Recorded data:
══════
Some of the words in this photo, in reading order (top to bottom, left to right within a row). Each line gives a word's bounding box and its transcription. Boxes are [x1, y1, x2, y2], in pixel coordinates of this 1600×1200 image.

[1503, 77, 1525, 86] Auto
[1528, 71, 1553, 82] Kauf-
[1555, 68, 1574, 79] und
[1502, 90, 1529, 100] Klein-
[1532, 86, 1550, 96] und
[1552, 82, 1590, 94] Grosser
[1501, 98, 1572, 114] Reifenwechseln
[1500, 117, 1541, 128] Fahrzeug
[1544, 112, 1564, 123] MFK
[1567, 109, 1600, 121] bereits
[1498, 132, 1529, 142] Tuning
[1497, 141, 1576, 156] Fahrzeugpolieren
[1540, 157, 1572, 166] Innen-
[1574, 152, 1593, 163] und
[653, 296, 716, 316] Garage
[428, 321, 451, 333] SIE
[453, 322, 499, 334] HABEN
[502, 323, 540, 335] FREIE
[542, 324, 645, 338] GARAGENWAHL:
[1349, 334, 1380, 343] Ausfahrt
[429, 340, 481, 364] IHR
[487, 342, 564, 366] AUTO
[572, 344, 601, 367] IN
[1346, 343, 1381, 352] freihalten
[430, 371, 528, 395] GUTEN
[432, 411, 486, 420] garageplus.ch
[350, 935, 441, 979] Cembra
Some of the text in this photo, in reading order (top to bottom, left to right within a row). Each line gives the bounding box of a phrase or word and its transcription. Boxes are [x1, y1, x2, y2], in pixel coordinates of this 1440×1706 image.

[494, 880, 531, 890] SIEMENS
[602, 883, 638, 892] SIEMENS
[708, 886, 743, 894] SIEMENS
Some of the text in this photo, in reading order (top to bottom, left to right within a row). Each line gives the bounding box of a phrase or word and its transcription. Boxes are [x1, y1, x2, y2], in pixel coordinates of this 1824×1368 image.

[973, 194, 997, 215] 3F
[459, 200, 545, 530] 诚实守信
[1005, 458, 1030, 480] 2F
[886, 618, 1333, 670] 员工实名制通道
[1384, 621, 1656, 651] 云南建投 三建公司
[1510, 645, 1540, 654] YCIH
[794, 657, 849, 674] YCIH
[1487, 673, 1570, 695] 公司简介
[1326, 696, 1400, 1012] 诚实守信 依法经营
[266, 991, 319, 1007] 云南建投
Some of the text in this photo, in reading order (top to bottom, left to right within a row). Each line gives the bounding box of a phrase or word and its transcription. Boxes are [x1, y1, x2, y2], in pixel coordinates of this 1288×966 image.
══════
* [Your task] Once the line with "this 1824×1368 image." is located in the data above, repeat it and every later line through the end, exactly.

* [Your solution]
Some of the text in this photo, in reading order (top to bottom, left to right within a row). Each line gives the bounding box of a phrase or word and its transcription. Boxes are [x1, y1, x2, y2], in pixel coordinates of this 1824×1368 image.

[973, 194, 997, 215] 3F
[459, 200, 545, 530] 诚实守信
[1005, 458, 1030, 480] 2F
[886, 618, 1333, 670] 员工实名制通道
[1384, 621, 1656, 651] 云南建投 三建公司
[1510, 645, 1540, 654] YCIH
[794, 657, 849, 674] YCIH
[1487, 673, 1570, 695] 公司简介
[1326, 696, 1400, 1012] 诚实守信 依法经营
[266, 991, 319, 1007] 云南建投
Some of the text in this photo, in reading order (top to bottom, left to right within a row). Each line gives the bounding box of a phrase or word and its transcription. Boxes are [x1, y1, x2, y2], in pixel coordinates of this 1288×966 image.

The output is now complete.